Records contained in a dataset:
*** Block opens ***
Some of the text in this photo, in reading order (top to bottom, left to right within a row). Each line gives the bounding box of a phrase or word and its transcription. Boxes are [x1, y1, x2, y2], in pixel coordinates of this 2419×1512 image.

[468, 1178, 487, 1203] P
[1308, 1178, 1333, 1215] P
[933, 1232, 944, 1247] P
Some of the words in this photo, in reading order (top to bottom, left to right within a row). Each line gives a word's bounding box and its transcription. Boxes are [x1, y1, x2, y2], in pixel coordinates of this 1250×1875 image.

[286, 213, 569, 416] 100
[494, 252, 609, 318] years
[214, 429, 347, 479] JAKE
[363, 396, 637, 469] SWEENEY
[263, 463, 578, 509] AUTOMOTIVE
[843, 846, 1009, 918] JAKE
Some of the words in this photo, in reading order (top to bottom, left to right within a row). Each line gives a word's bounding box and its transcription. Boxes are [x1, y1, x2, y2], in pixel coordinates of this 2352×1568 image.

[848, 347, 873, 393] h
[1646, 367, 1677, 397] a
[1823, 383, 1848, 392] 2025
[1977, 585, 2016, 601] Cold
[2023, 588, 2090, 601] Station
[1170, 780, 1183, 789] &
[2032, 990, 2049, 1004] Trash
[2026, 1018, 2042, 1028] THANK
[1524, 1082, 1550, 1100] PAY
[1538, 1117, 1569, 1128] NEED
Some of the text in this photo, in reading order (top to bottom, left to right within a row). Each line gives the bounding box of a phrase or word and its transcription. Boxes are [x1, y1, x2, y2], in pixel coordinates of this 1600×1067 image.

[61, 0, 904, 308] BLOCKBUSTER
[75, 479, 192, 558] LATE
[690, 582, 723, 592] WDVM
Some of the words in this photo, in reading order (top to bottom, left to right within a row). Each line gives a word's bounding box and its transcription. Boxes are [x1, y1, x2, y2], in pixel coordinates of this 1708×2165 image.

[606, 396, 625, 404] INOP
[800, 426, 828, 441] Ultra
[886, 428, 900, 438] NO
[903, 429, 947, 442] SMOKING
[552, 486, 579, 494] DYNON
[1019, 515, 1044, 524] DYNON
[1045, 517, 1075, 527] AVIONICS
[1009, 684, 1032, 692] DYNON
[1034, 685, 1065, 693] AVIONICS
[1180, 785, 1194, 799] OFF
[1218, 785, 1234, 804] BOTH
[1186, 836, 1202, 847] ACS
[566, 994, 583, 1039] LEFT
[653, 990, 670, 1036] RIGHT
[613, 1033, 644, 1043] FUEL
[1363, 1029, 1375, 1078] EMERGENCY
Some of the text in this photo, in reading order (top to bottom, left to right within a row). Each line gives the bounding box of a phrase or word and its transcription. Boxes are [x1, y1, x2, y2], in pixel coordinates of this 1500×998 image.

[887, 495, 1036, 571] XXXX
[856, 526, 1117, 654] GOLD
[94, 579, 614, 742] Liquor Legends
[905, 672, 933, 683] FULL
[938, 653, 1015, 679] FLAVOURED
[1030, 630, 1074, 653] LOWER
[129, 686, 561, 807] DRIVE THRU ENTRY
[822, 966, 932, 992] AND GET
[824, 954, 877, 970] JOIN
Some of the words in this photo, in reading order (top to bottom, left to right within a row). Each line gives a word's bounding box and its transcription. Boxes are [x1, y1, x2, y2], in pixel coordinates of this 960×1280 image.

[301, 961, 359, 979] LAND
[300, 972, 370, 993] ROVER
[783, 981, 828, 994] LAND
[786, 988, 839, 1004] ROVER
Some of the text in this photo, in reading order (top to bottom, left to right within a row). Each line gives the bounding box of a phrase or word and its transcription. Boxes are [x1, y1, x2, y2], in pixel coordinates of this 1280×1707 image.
*** Block closes ***
» **Task objective**:
Exactly the lines from the one holding "this 960×1280 image." through the end of the records above are to be returned, and nothing else.

» **Solution to the exercise**:
Some of the words in this photo, in reading order (top to bottom, left to right within a row). Each line gives a word's bounding box and its transcription. Boxes are [x1, y1, x2, y2], in pixel coordinates of this 960×1280 image.

[301, 961, 359, 979] LAND
[300, 972, 370, 993] ROVER
[783, 981, 828, 994] LAND
[786, 988, 839, 1004] ROVER
Some of the text in this photo, in reading order (top to bottom, left to right within a row). Each line gives the bounding box of a phrase or word and its transcription. Boxes are [x1, y1, x2, y2], in pixel coordinates of this 1280×1707 image.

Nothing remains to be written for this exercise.